Ohio Cannabis Industry Announces Opposition to Medical Weed Revamp Bill
A group of medicinal cannabis operators and advocates in Ohio have joined forces in “strong opposition” to a bill that would dramatically alter the state’s medical marijuana program. The measure, Senate Bill 9 (SB 9), was introduced by state Senators Steve Huffman and Kirk Schuring on January 11.
The bill aims to update Ohio’s medical marijuana law, which was passed by the state legislature and signed into law in 2016. But this week, the Ohio Medical Cannabis Industry Association (OMCIA) came out against SB 9, saying that the increase in medical marijuana dispensaries and cannabis cultivation space included in the measure would lead to an oversaturation of supply that could cripple the industry.
“SB 9 punishes companies like mine that have invested hundreds of millions of development dollars into our state,” Daniel Kessler, co-owner and CEO of medical marijuana cultivator and processor Rivera Creek said in a statement from the OMCIA. “Instead of reducing bureaucracy, this bill does the opposite by adding an additional level of oversight in the form of a commission of lifetime political appointees.”
The group says that the bill would add an additional two million square feet of medical cannabis cultivation space and add more than 60 new medical marijuana dispensary licenses to the 130 permits already issued. The legislation also adds cultivation licenses for some independent cannabis processors, as well as processing licenses for level 2 cultivators.
“What we’ve found is that many of the growers want to expand and grow more,” Huffman said when the legislation was introduced earlier this year. “There’s more growers, there’s more demand. They put an application into the Department of Commerce, and it sits there for 18 months, two years. Hopefully this takes the bureaucracy out of this and streamlines things and make it a better-functioning industry.”
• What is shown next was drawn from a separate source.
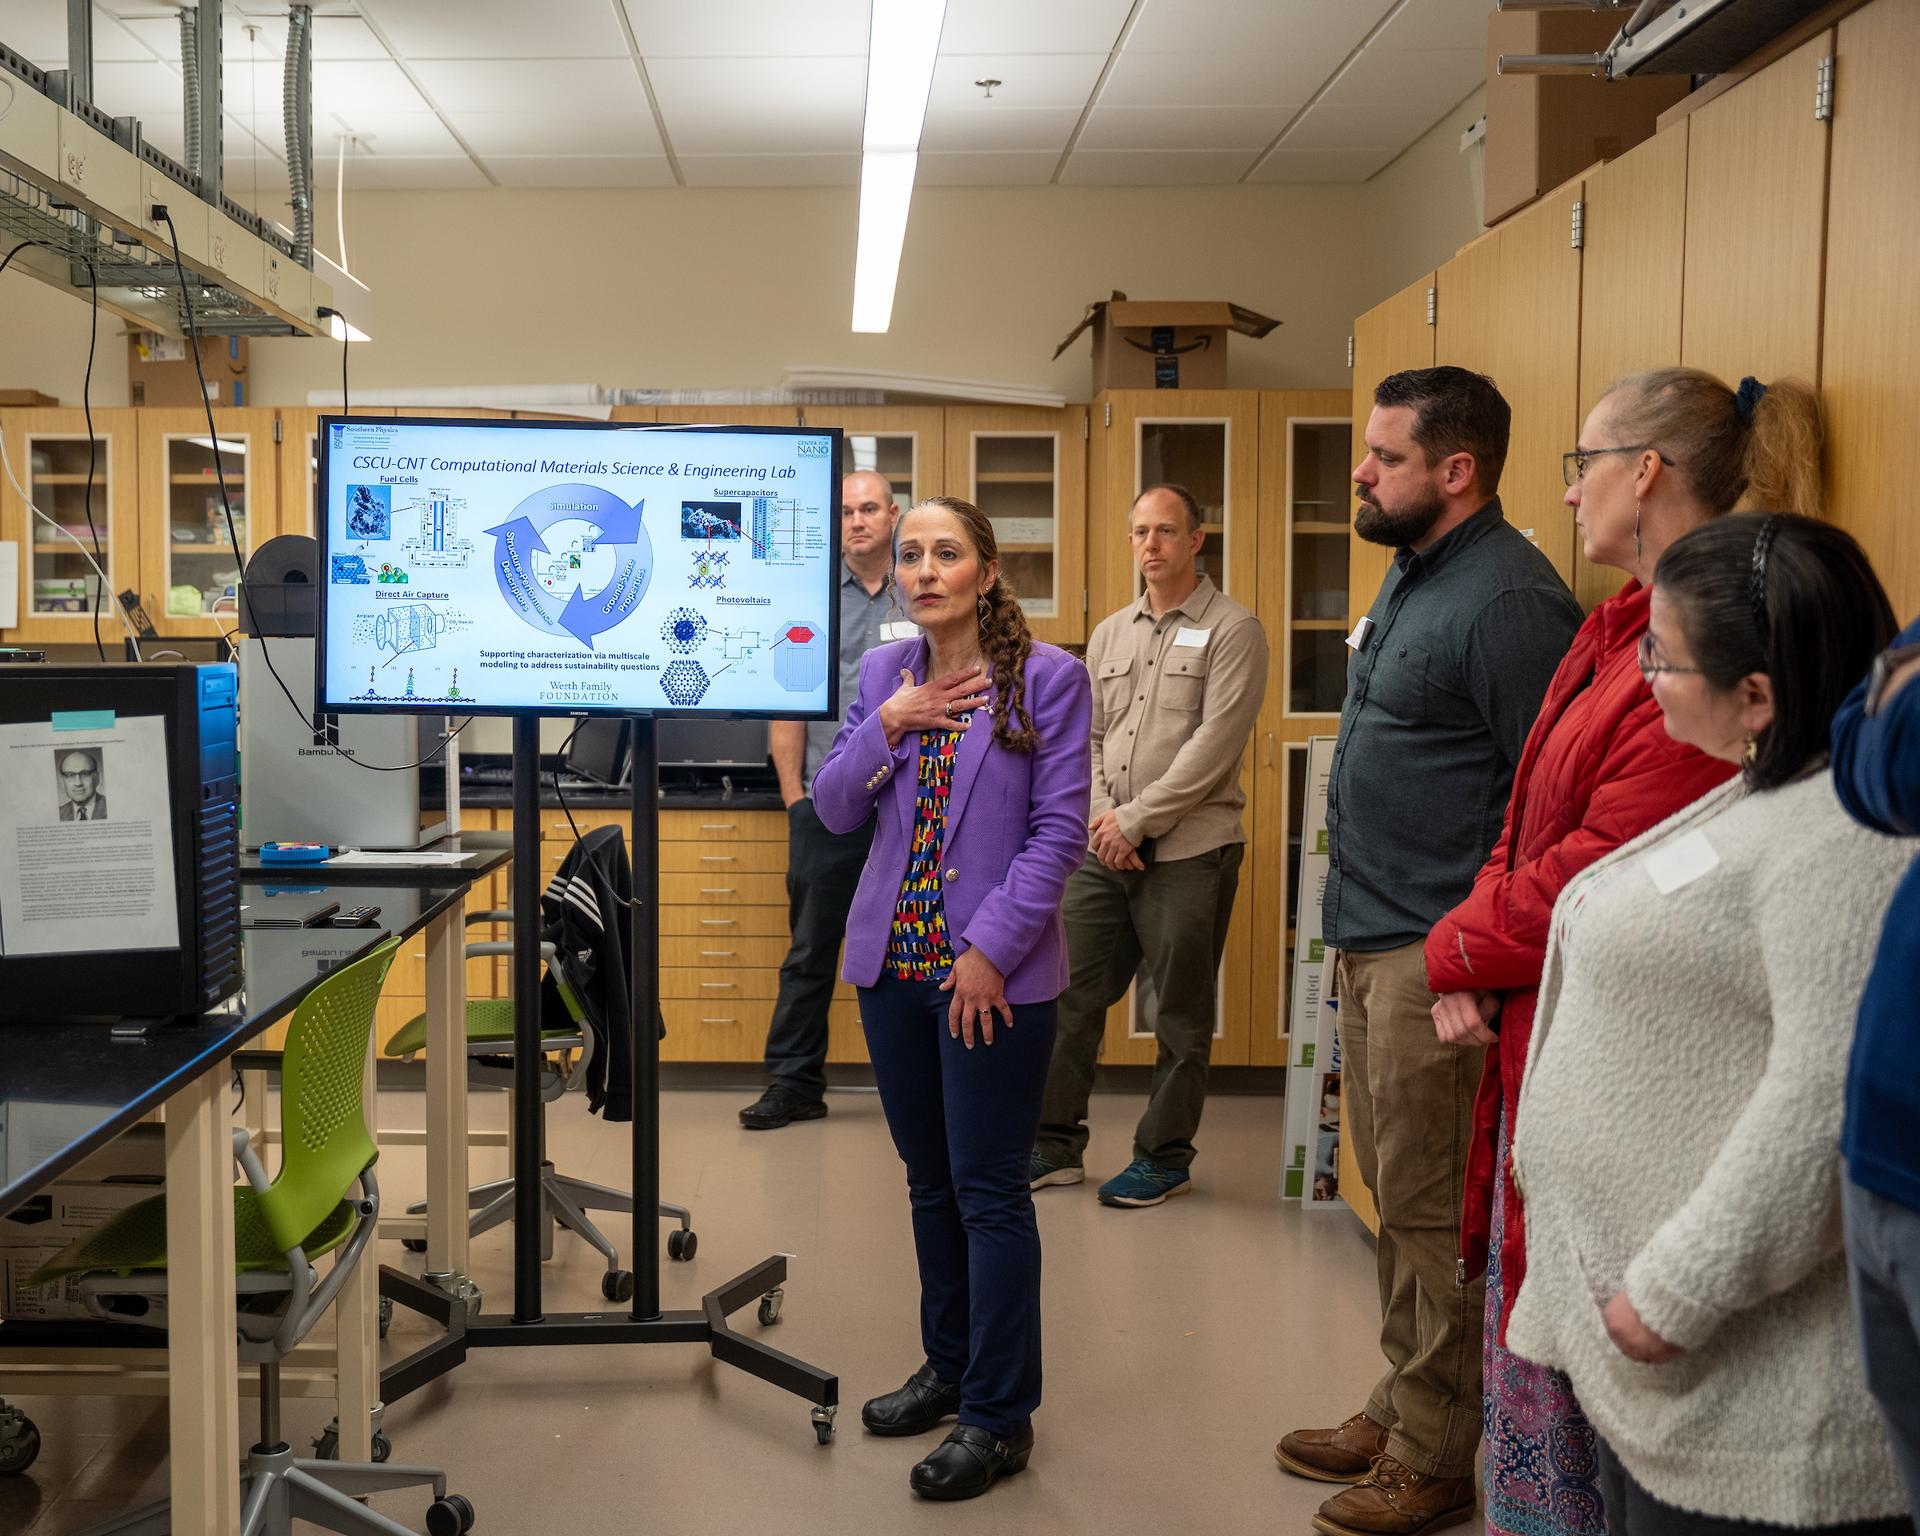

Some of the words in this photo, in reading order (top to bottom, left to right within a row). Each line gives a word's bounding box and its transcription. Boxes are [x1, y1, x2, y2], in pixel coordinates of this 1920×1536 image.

Ohio Group Says Increased Capacity Unnecessary
But the OMCIA says that the increased production capacity would come at a time when “many current cultivators have scaled back their production by 30% – 50% and are not operating at full capacity.” The group also noted that Ohio’s current medical marijuana program regulations already have provisions allowing current operators to expand their operations as the market grows.
“We are opposed to the massive expansion outlined in SB 9 because it lacks the data justifying that such an expansion is needed,” said Bryan Murray, executive vice president of government relations at multistate cannabis operator Acreage Holdings. “The negative impact of oversupply in markets across the nation cannot be overstated – and opening the floodgates in contradiction to market realities would be detrimental to the industry in Ohio.”
Kessler added that “the expansion measures in the bill would add immense supply to an already over-supplied market. Despite my company’s high-quality product reputation, we currently have hundreds of pounds of product in our inventory that we cannot sell. Even at wholesale pricing, the demand is not there. If the bill passes in its current state, it is likely that the industry will crumble, and the only winner will be the illegal illicit market.”
The bill creates a new state agency within the Ohio Department of Commerce, the Division of Marijuana Control, to regulate the state’s medical marijuana program. The legislation also creates a 13-member commission responsible for oversight of the new agency and the medical program. Under current law, the state’s medical marijuana program is overseen by the Ohio Department of Commerce, the State Medical Board of Ohio and the Ohio Board of Pharmacy.
Senate Bill 9 would also add autism spectrum disorder, arthritis, migraines, chronic muscle spasms and opioid use disorder to the state’s list of medical conditions that qualify a patient to use cannabis medicinally. Currently, the list of qualifying conditions includes more than two dozen serious medical conditions including cancer, chronic pain, AIDS, Parkinson’s disease, PTSD and terminal illnesses. The measure also allows medical marijuana use by patients who have other debilitating medical conditions that can be treated with medicinal cannabis, as determined by their physician.
The OMCIA notes that the number of participants in Ohio’s medical marijuana program “has remained stagnant at an average of 163,000 active patients” and argues that adding more production and retail capacity is not needed. Instead, the group called for several changes to make medical marijuana accessible to more patients.
“Ohio’s stagnant patient base does not warrant SB 9’s additional licensure and expansion of cultivation space,” said Matt Close, executive director of OMCIA. “The last thing we need is more supply. Instead, legislation should focus on addressing our industry’s most significant challenge: excessive barriers to patient participation.”
The OMCIA recommends adding anxiety, insomnia and depression as qualifying conditions for the program and for annual medical marijuana identification card fees to be reduced or eliminated. The trade group is also calling for medical marijuana recommendations to be valid for three years instead of the current one year and for patients with incurable conditions to be granted lifelong approval.
Further recommendations from the group include eliminating state, county and local taxes on medical marijuana purchases, employment protections for medical marijuana cardholders and a prohibition on intoxicating hemp cannabinoids such as delta-8 THC from being sold outside the state’s regulated medical marijuana program.
SB 9 is currently under consideration by the Senate General Government Committee, with a hearing on the legislation scheduled for this week.